Segment Open

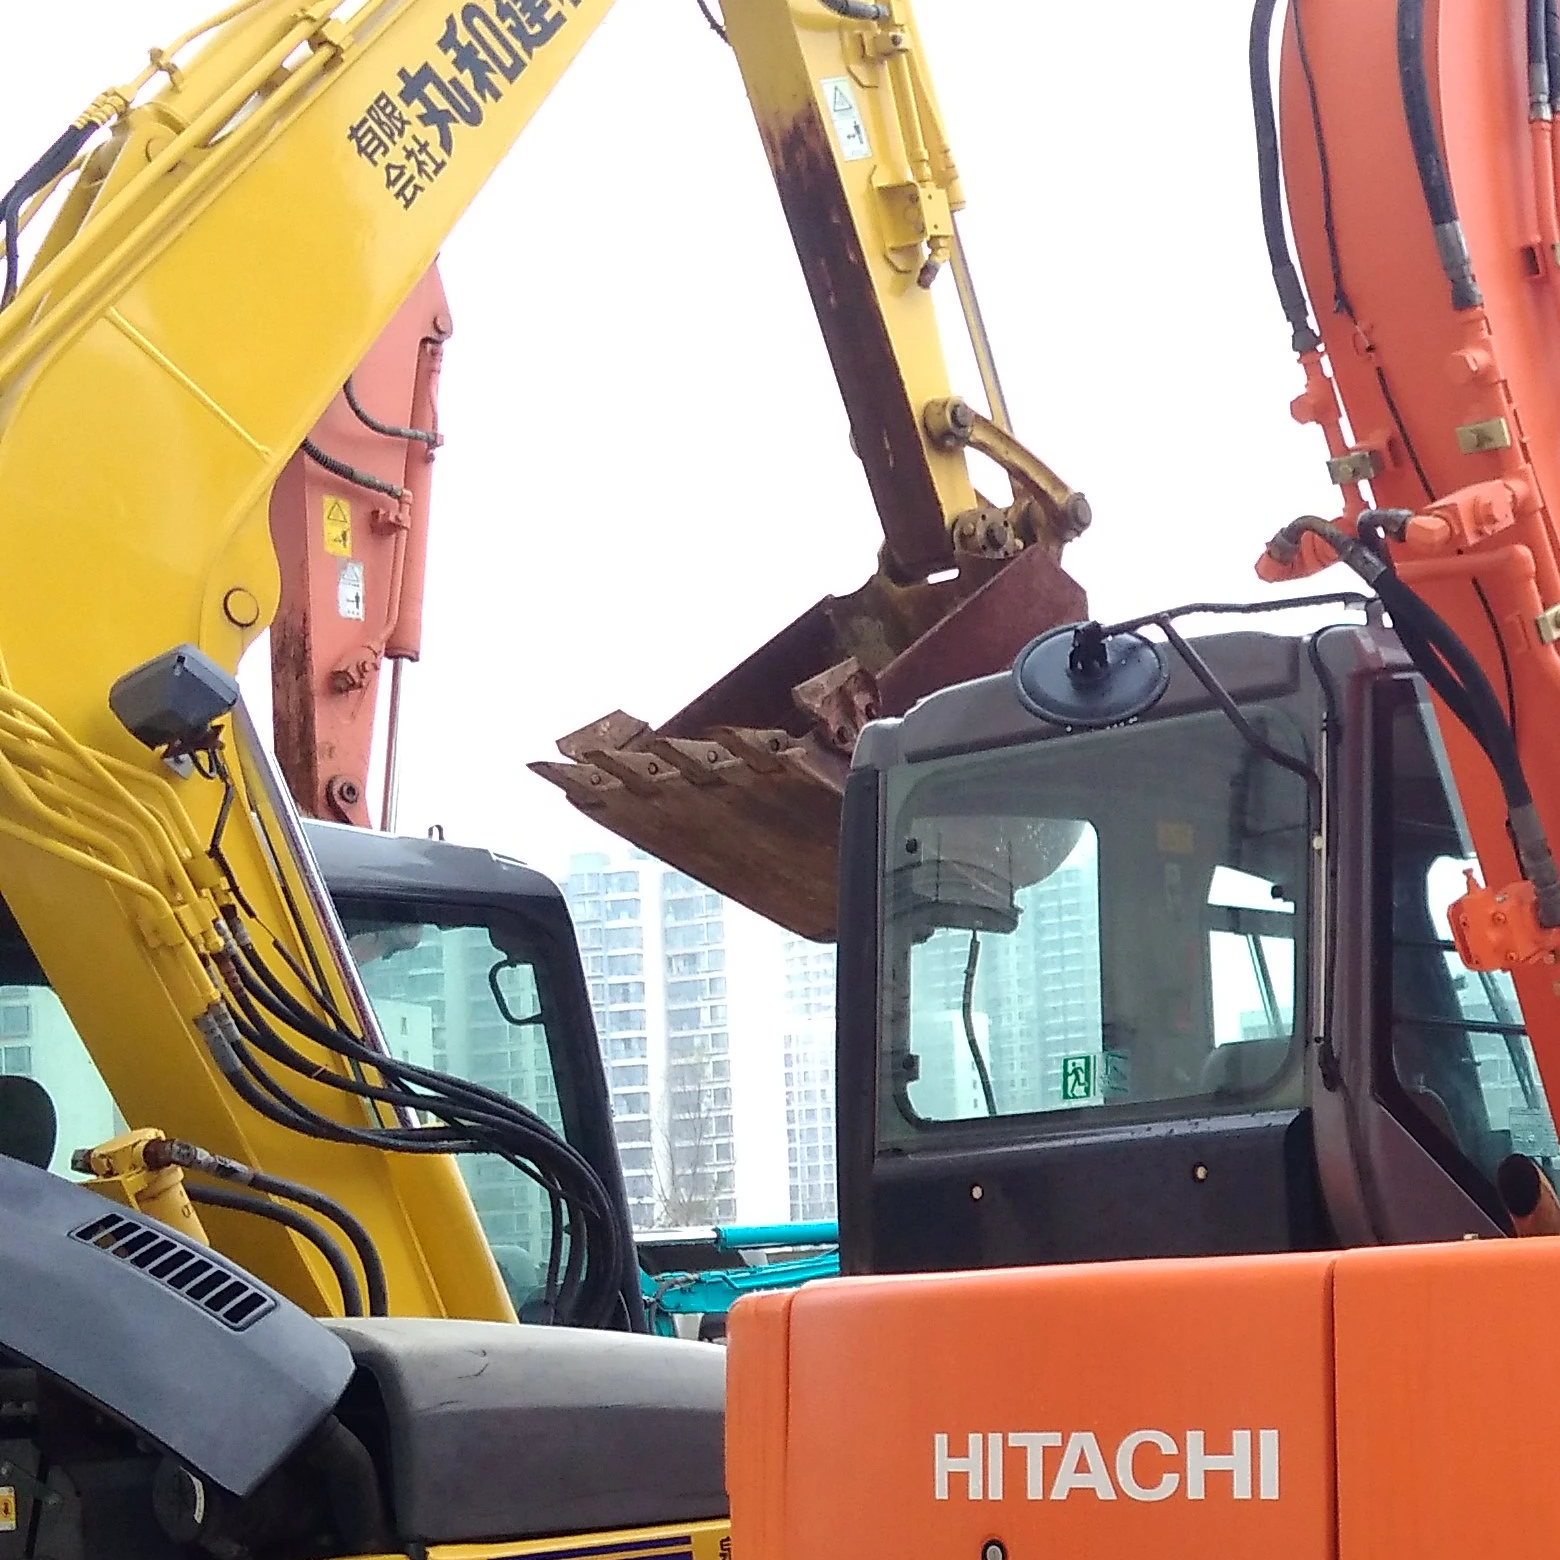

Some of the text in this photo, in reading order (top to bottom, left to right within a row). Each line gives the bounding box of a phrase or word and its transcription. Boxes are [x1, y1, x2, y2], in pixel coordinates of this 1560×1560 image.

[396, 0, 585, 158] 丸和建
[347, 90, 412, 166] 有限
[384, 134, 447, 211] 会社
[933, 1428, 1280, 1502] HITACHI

Segment Closed

An exact copy of the records above is required, leaving out the pictures.

Some of the text in this photo, in reading order (top to bottom, left to right within a row). Each line gives the bounding box of a phrase or word and its transcription. Boxes are [x1, y1, x2, y2], in pixel coordinates of this 1560×1560 image.

[396, 0, 585, 158] 丸和建
[347, 90, 412, 166] 有限
[384, 134, 447, 211] 会社
[933, 1428, 1280, 1502] HITACHI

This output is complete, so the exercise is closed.